Problem statement: Reproduce every line of the material below exactly. No pictures belong in the copy.

======

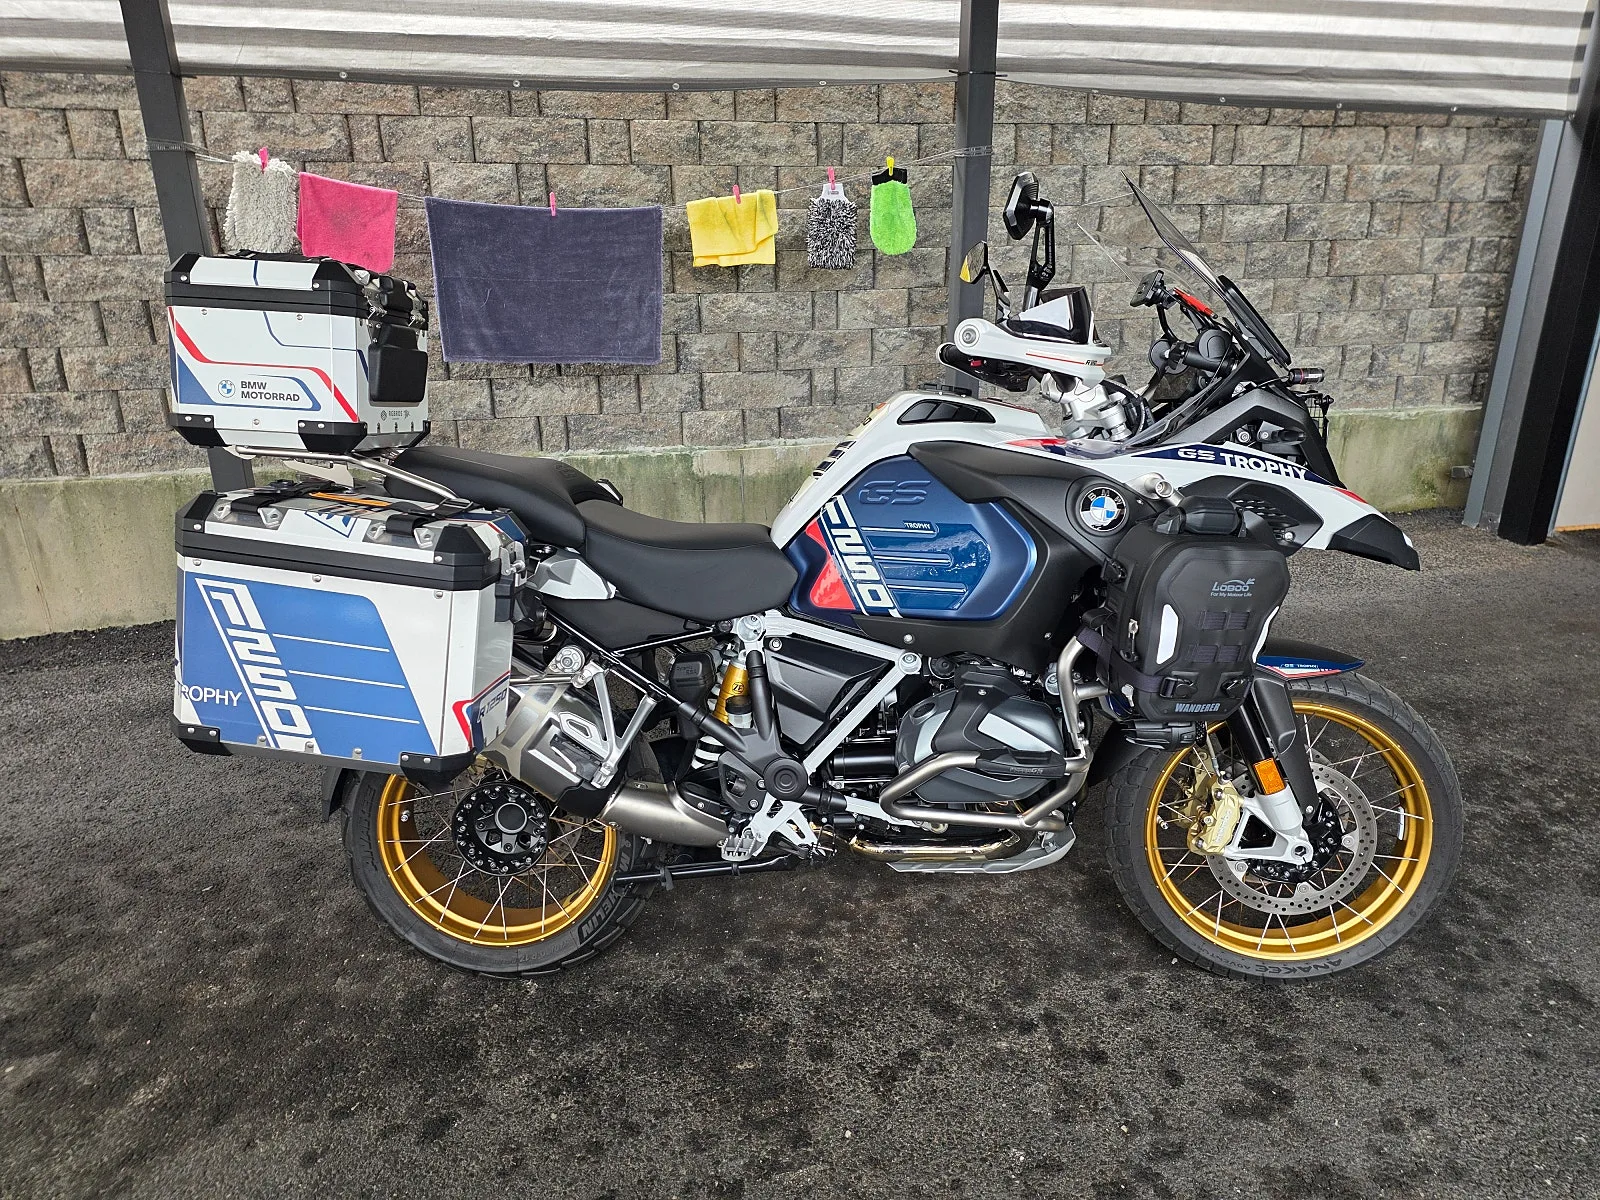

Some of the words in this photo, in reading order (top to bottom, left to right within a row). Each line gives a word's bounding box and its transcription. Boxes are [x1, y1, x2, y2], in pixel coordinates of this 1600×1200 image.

[240, 381, 267, 389] BMW
[241, 391, 300, 402] MOTORRAD
[1177, 448, 1216, 461] GS
[1219, 452, 1307, 481] TROPHY
[858, 480, 931, 505] GS
[1087, 489, 1123, 505] BMW
[904, 522, 931, 530] TROPHY
[1175, 702, 1221, 713] WANDERER
[1255, 958, 1343, 974] ANAKEE

======

Output for this exercise:
Some of the words in this photo, in reading order (top to bottom, left to right within a row). Each line gives a word's bounding box and its transcription. Boxes are [x1, y1, x2, y2], in pixel coordinates of this 1600×1200 image.

[240, 381, 267, 389] BMW
[241, 391, 300, 402] MOTORRAD
[1177, 448, 1216, 461] GS
[1219, 452, 1307, 481] TROPHY
[858, 480, 931, 505] GS
[1087, 489, 1123, 505] BMW
[904, 522, 931, 530] TROPHY
[1175, 702, 1221, 713] WANDERER
[1255, 958, 1343, 974] ANAKEE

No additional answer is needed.